Modal identification or testing of structures consists of two phases, namely, data acquisition and data analysis. Some structures, such as aircrafts, high-speed machines, and plate-like civil structures, have active modes in the high-frequency range when subjected to high-speed or broadband excitation in their operational conditions. In the data acquisition stage, the Shannon–Nyquist sampling theorem indicates that capturing the high-frequency modes (signals) requires uniform high-rate sampling, resulting in sensing too many samples, which potentially impose burdens on the data transfer (especially in wireless platform) and data analysis stage.This paper explores a new-emerging, alternative, signal sampling and analysis technique, compressed sensing, and investigates the feasibility of a new method for output-only modal identification of structures in a non-uniform low-rate random sensing framework based on a combination of compressed sensing (CS) and blind source separation (BSS). Specifically, in the data acquisition stage, CS sensors sample few non-uniform low-rate random measurements of the structural responses signals, which turn out to be sufficient to capture the underlying mode information. Then in the data analysis stage, the proposed method uses the BSS technique, complexity pursuit (CP) recently explored by the authors, to directly decouple the non-uniform low-rate random samples of the structural responses, simultaneously yielding the mode shape matrix as well as the non-uniform low-rate random samples of the modal responses. Finally, CS with ℓ1-minimization recovers the uniform high-rate modal response from the CP-decoupled non-uniform low-rate random samples of the modal response, thereby enabling estimation of the frequency and damping ratio.
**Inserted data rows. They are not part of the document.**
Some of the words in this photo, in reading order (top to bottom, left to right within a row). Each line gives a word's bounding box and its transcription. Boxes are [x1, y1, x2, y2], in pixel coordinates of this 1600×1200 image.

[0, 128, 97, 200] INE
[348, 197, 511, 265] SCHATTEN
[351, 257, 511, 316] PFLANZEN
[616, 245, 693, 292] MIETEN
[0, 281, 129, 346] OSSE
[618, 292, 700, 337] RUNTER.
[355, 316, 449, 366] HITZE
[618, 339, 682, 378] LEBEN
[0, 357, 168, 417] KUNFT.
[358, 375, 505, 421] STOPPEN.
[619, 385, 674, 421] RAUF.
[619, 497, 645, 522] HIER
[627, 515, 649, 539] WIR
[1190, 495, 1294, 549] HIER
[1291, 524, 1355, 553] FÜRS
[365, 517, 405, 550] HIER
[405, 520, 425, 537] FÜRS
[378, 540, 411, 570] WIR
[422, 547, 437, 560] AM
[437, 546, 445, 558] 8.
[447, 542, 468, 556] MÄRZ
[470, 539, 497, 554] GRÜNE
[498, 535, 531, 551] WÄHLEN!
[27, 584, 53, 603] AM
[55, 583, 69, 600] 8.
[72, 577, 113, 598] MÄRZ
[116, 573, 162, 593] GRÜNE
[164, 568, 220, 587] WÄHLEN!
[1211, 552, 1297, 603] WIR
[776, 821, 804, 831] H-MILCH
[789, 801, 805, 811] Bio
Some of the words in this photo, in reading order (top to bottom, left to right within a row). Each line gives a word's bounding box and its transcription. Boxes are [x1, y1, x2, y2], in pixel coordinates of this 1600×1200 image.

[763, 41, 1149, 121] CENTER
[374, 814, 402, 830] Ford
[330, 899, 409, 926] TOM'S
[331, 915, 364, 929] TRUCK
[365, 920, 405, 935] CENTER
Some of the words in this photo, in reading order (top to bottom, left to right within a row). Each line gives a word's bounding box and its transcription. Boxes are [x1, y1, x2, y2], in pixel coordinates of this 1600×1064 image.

Because CS sensors are currently in laboratory prototypes and not yet commercially available, their functionality—randomly sensing few non-uniform samples—is simulated in this study, which is performed on the examples of a numerical structural model, an experimental bench-scale structural model, and a real-world seismic-excited base-isolated hospital buildings. Results show that the proposed method in the CS framework can identify the modes using non-uniform low-rate random sensing, which is far below what is required by the Nyquist sampling theorem.